◆ **Task goal**
From the first line to the last, repeat the data exactly but leave out the pictures.

◆ **Dataset excerpts**
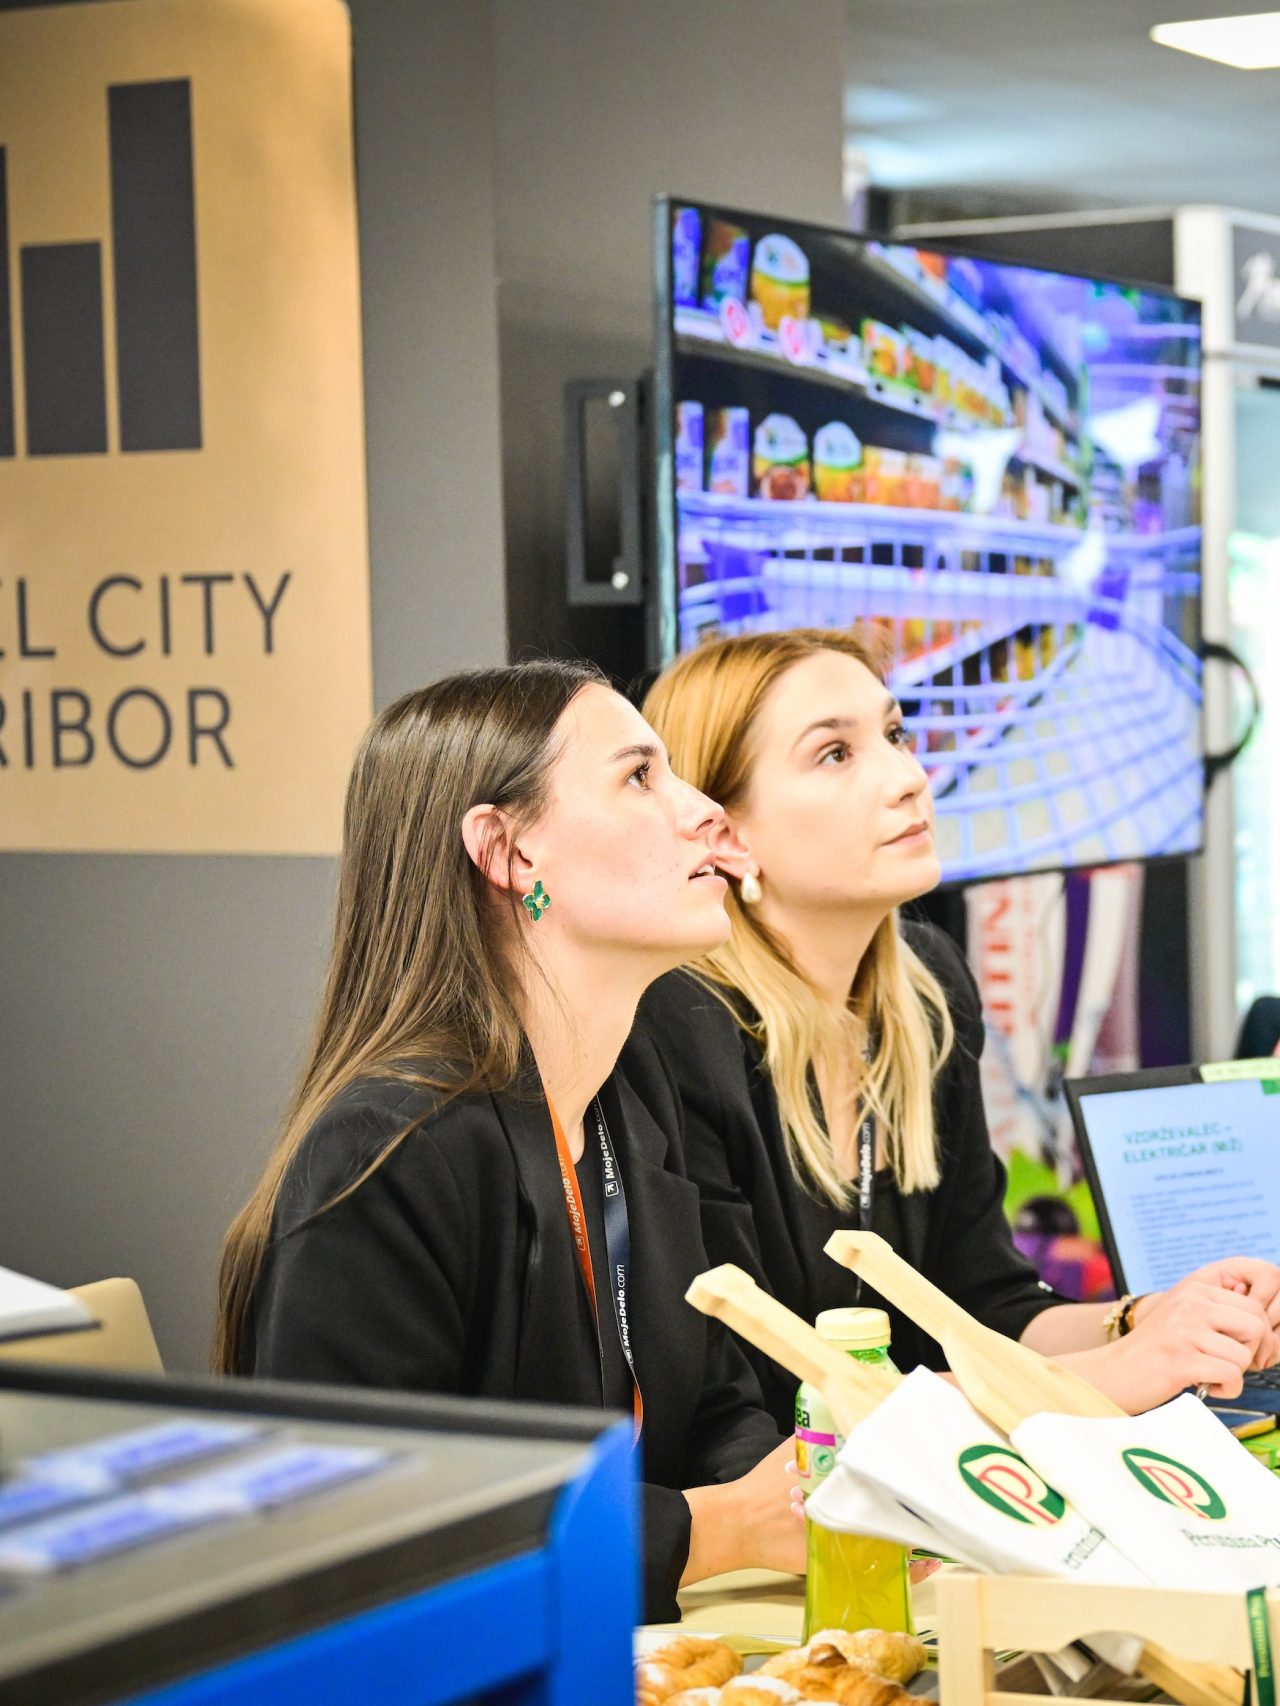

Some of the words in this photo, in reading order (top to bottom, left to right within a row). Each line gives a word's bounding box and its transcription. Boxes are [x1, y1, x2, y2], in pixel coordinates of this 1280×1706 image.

[0, 576, 57, 659] L
[88, 572, 292, 658] CITY
[0, 687, 235, 770] IBOR
[616, 1264, 631, 1347] MojeDelo.com
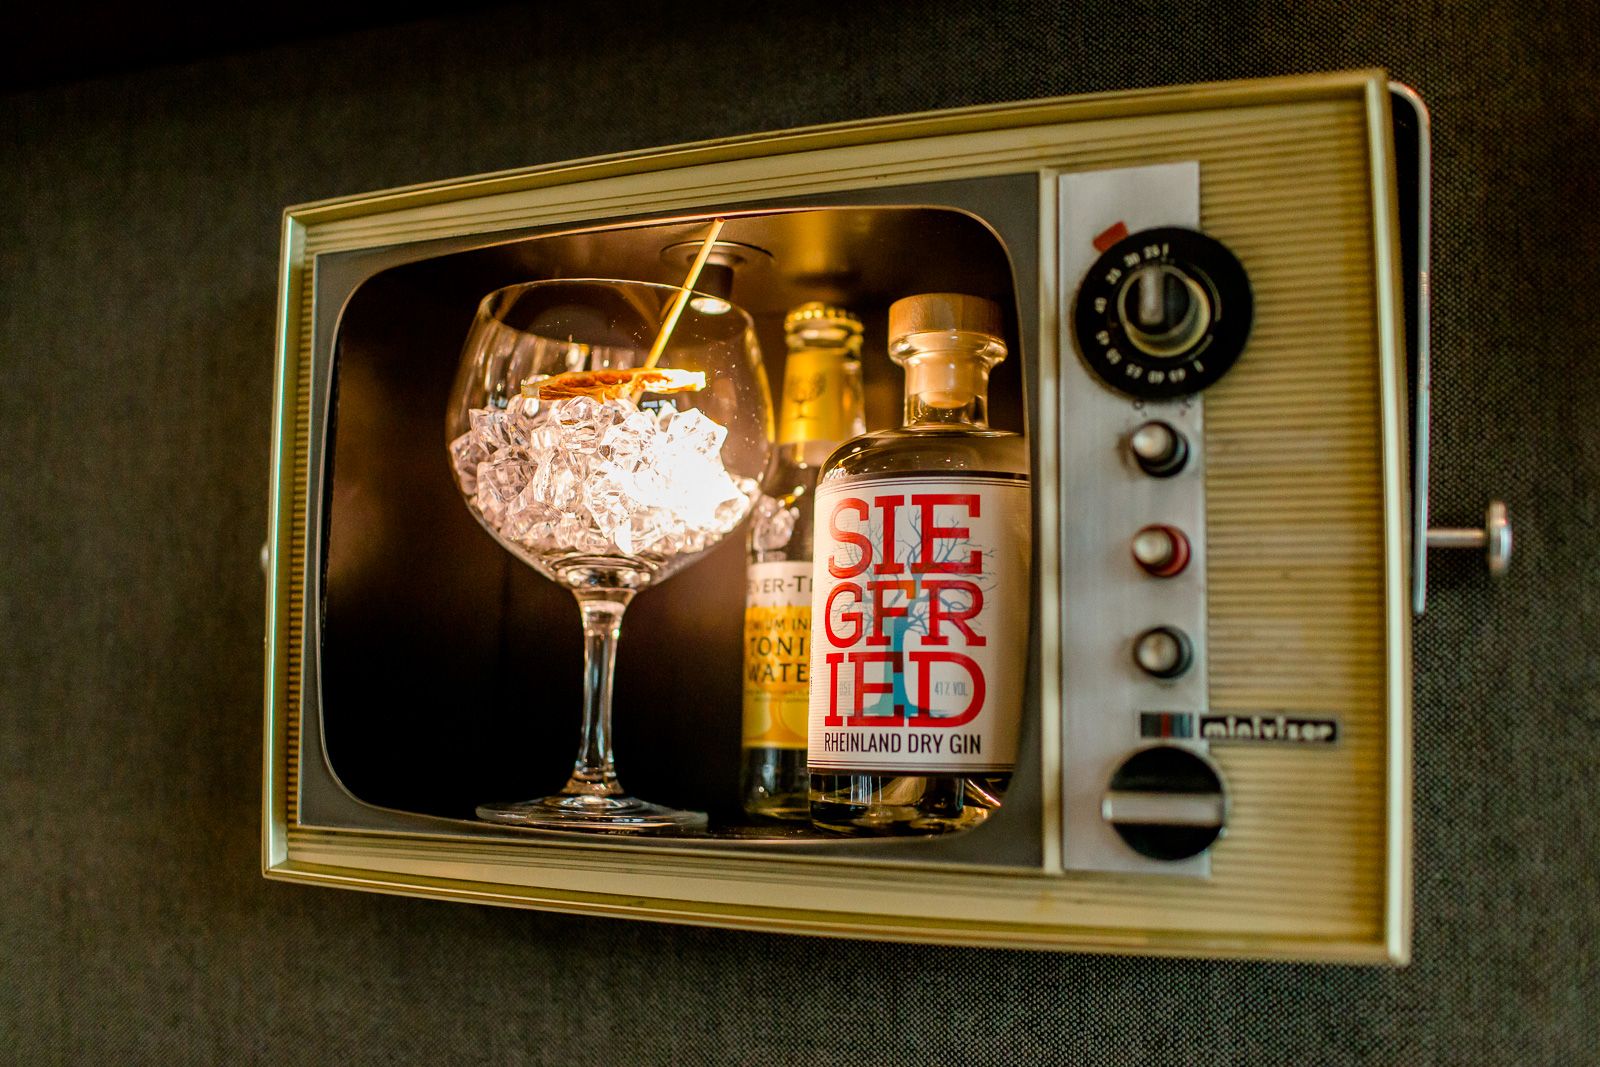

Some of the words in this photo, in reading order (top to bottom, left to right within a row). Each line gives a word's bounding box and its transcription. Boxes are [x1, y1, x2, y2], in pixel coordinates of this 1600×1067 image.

[828, 493, 983, 579] SIE
[824, 580, 987, 648] GFR
[750, 636, 805, 656] TONI
[748, 663, 808, 683] WATE
[824, 651, 986, 728] IED
[824, 732, 902, 753] RHEINLAND
[908, 733, 944, 754] DRY
[950, 734, 981, 754] GIN

◆ **Answer space**
Some of the words in this photo, in reading order (top to bottom, left to right within a row). Each line gives a word's bounding box and its transcription. Boxes are [x1, y1, x2, y2], in pixel coordinates of this 1280×1706 image.

[0, 576, 57, 659] L
[88, 572, 292, 658] CITY
[0, 687, 235, 770] IBOR
[616, 1264, 631, 1347] MojeDelo.com

Some of the words in this photo, in reading order (top to bottom, left to right within a row). Each line gives a word's bounding box and its transcription. Boxes are [x1, y1, x2, y2], in pixel coordinates of this 1600×1067 image.

[828, 493, 983, 579] SIE
[824, 580, 987, 648] GFR
[750, 636, 805, 656] TONI
[748, 663, 808, 683] WATE
[824, 651, 986, 728] IED
[824, 732, 902, 753] RHEINLAND
[908, 733, 944, 754] DRY
[950, 734, 981, 754] GIN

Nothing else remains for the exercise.